Old Lady gathered wood in the deep forest, feeling his eyes weaseling on her spine. She wanted to babble: «Oh, I see you, I see you! I was only fooling about invisible boys! You 're right there!» But she swallowed her gall and gummed it tight.

The following morning he did the spiteful thing. He began leaping from behind trees. He made toad-faces, frog-faces, spider-faces at her, clenching down his lips with his fingers, popping his raw eyes, pushing up his nostrils so you could peer in and see his brain thinking.

Once she dropped, her kindling. She pretended it was a blue jay startled her.

He made a motion as if to strangle her.

She trembled a little.

He made another move as if to bang her shins and spit on her cheek.

These motions she bore without a lid-flicker or a mouth-twitch.

He stuck out his tongue, making strange bad noises. He wiggled his loose ears so she wanted to laugh, and finally she did laugh and explained it away quickly by saying, «Sat on a salamander! Whew, how it poked!»

By high noon the whole madness boiled to a terrible peak.

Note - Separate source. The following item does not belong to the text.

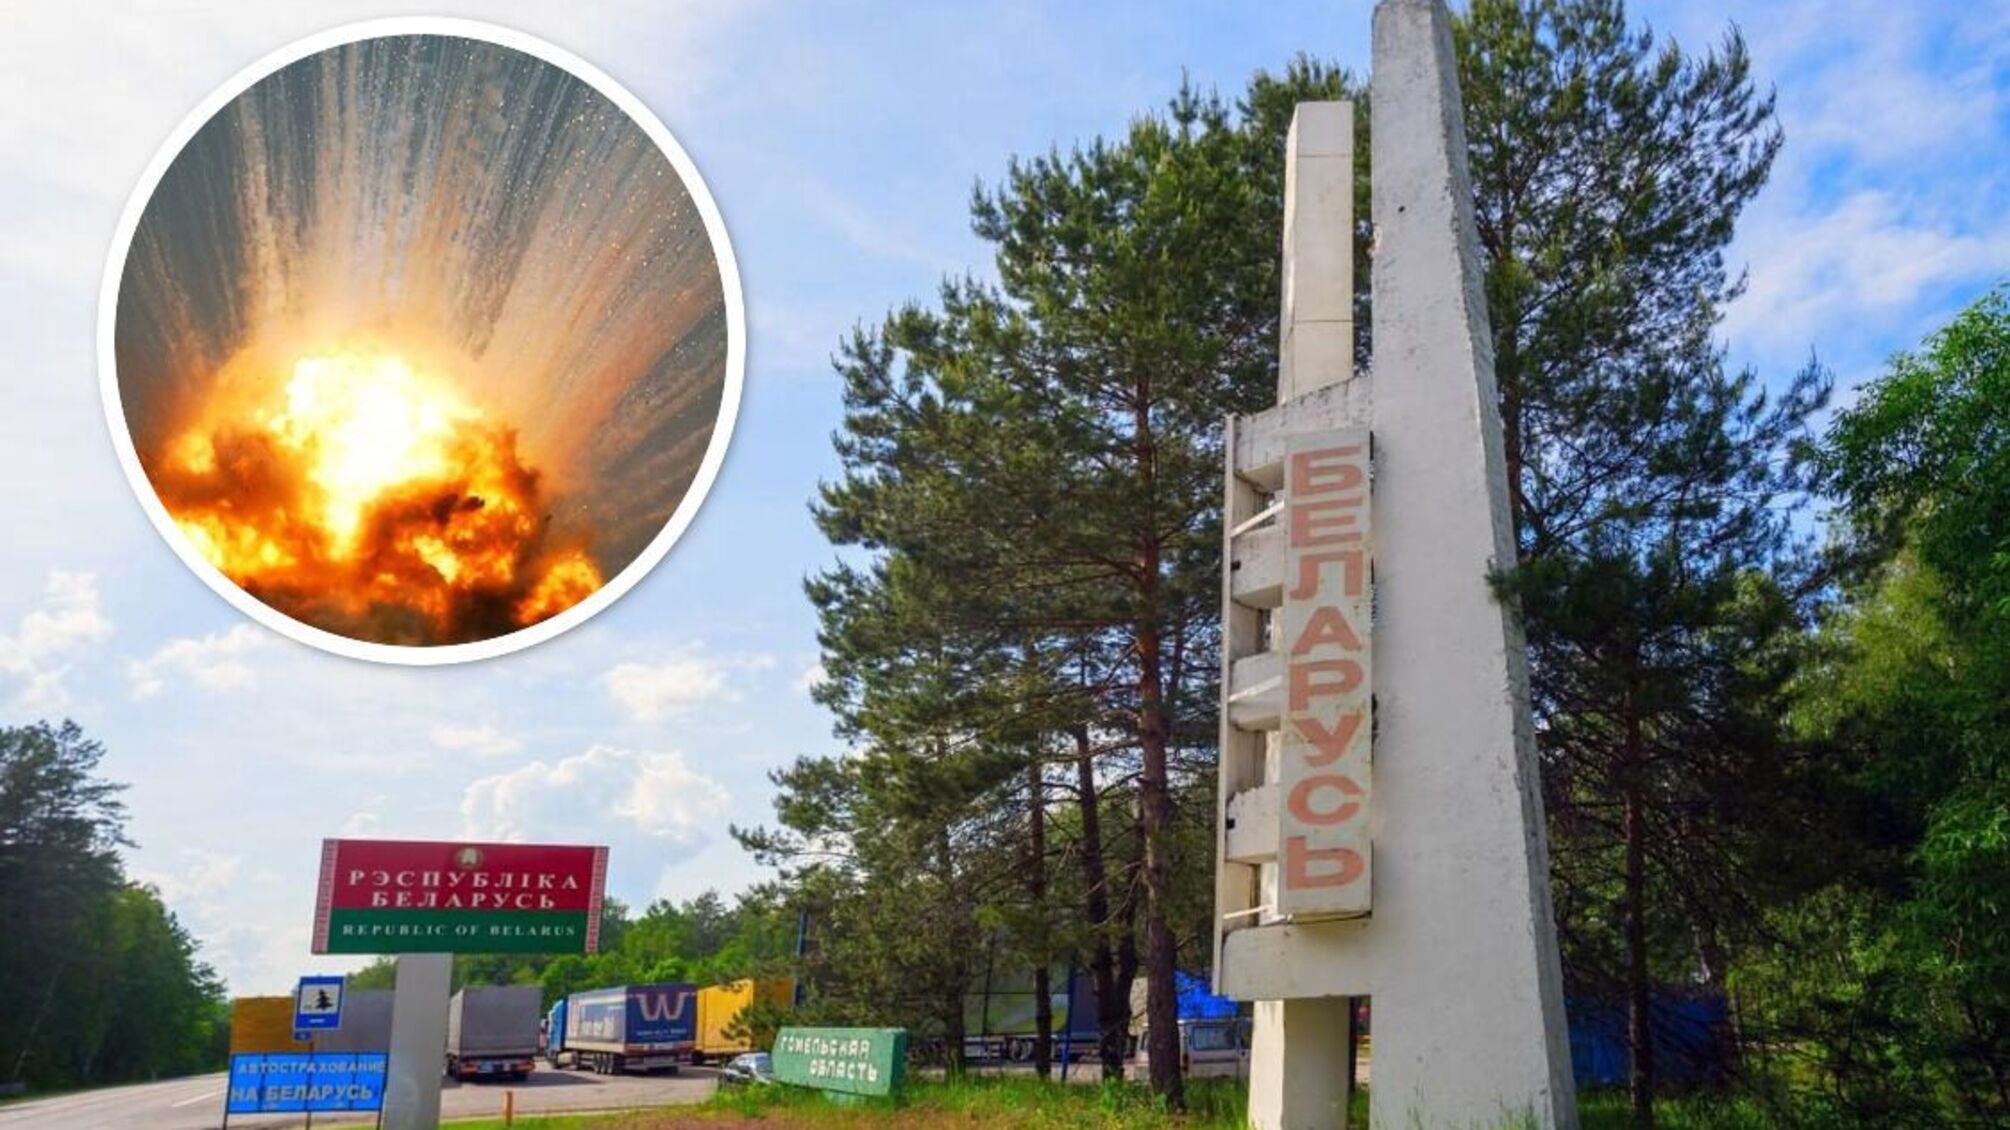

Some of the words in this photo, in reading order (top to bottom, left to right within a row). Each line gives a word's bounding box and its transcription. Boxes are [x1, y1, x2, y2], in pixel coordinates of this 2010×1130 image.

For it was at that exact hour that Charlie came racing down the valley stark boy-naked!

Old Lady nearly fell flat with shock!

«Charlie!» she almost cried.

Charlie raced naked up one side of a hill and naked down the other — naked as day, naked as the moon, raw as the sun and a newborn chick, his feet shimmering and rushing like the wings of a low-skimming hummingbird.

Old Lady's tongue locked in her mouth. What could she say? Charlie, go dress? For shame? Stop that? Could she? Oh, Charlie, Charlie, God! Could she say that now? Well?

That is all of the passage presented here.